The producers of ‘Top Gun’ could not have timed the release of the movie ‘Top Gun: Maverick’ better. It was launched in a week in which Joe Biden was visiting Japan and talking about protecting Taiwan from China. The Chinese in turn were mouthing off at the ‘bloody & barbaric’ Americans. For those of who grew up watching the original ‘Top Gun’ – which made Tom Cruise a superstar – in the late 1980s, it felt like we were teenagers once again. In this delightful piece for the FT, James Crabtree (bestselling author of ‘The Billionaire Raj’) uses the movie as analogy to capture the changing nature of American power:
He begins by taking us back to the era in which the original Top Gun was launched: “Top Gun also arrived at a moment of rising American global supremacy, giving it particular geopolitical poignancy. The film topped movie charts the year after Mikhail Gorbachev became general secretary of the Communist party of the Soviet Union, and as the balance between the two superpowers shifted decisively in America’s favour. With the bruises of defeat in Vietnam all but healed, the mid-1980s marked the start of a long period of US dominance, all held together by the kind of enduring military might that Cruise’s cinematic alter ego confidently represented.”
36 years later ‘Top Gun: Maverick’, says James Crabtree, is a very different kind of movie relative to the original: “Now, 36 years later, as the US readies itself for a new era of military competition with China, it would be reasonable to expect Cruise’s sequel to brim with comparable, jingoistic self-confidence. Curiously, then, it turns out that Top Gun: Maverick is actually a rather anxious kind of blockbuster, filled with doubts about the durability of US power, and functioning in many ways as an elegy for relative American decline.”
Crabtree says that movie uses the ageing of the superstar that is Tom Cruise as a metaphor for the ageing of America: “…the reality you see in Top Gun: Maverick is notable less for its fantasy of US strength and more for its themes of anxiety. Part of this involves Cruise himself. In the original he was 24. Now he is 59, albeit remarkably well preserved for a man near pensionable age….

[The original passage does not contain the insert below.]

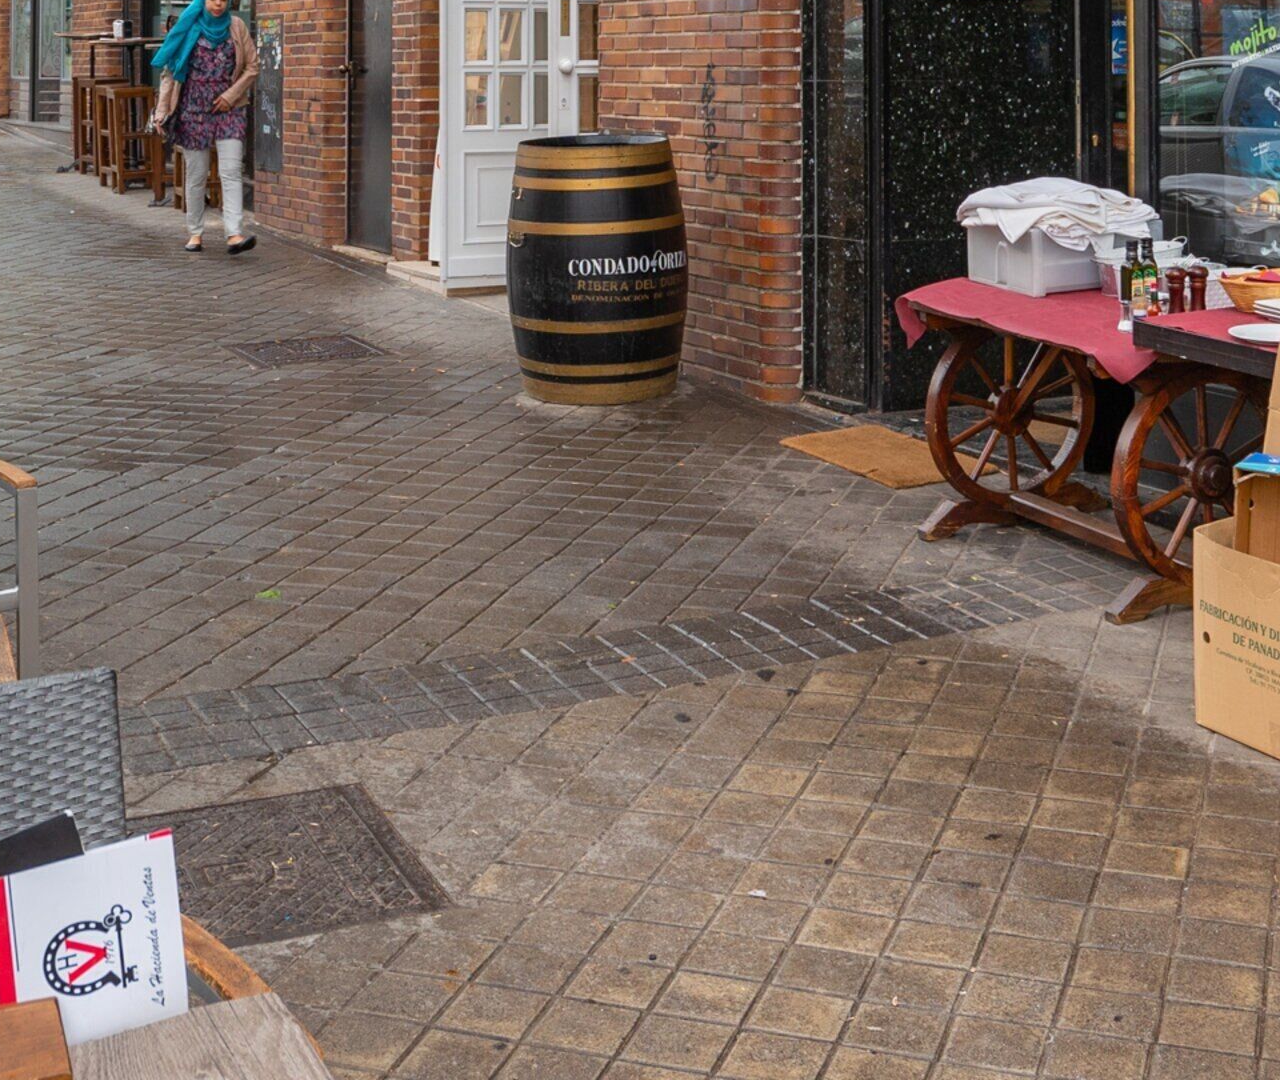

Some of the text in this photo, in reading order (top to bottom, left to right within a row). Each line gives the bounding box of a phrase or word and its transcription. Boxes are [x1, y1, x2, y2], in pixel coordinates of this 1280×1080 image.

Cruise is an icon of American masculinity and his declining prowess unavoidably recalls a time when both he and his country were younger and more vital. It is clear that something has been lost.”
The film also has a role for the changing role of technology in our lives: “The film’s opening sequence features Rear Admiral Chester “Hammer” Cain, played with gravelly élan by Harris. Dubbed “the drone Ranger”, Cain wants to replace ace pilots with autonomous air-strike capabilities powered by artificial intelligence. “The future is coming,” he tartly puts it to Maverick. “And you’re not in it.”…
But the vision of a drone-powered future is hardly science fiction either, as the successes of Turkey’s Bayraktar TB2 drones above Ukraine can attest. Indeed, Harris’s character reflects the ambitions of many in the US defence establishment, who view rapid investment in military technologies as the US’s best route to maintaining its current military dominance….
Where the original Top Gun featured Cruise flying a now-aged F-14 Tomcat, its sequel mostly involves F/A-18 Super Hornets, a more recent model of jet introduced in the late 1990s. Yet from the start Cruise and his students are warned that their unnamed enemy is likely to have “fifth-generation” aircraft, meaning advanced planes developed in the past decade or so. While the film does not feature Chinese aircraft, the People’s Liberation Army Air Force is one of few global militaries to build such planes — beyond, of course, the US itself. China’s most advanced such plane, the J-20 stealth fighter, known as the “‘Mighty Dragon”, often patrols skies over the South China Sea, including the Taiwan Strait, an important potential flashpoint for a future conflict between the superpowers.”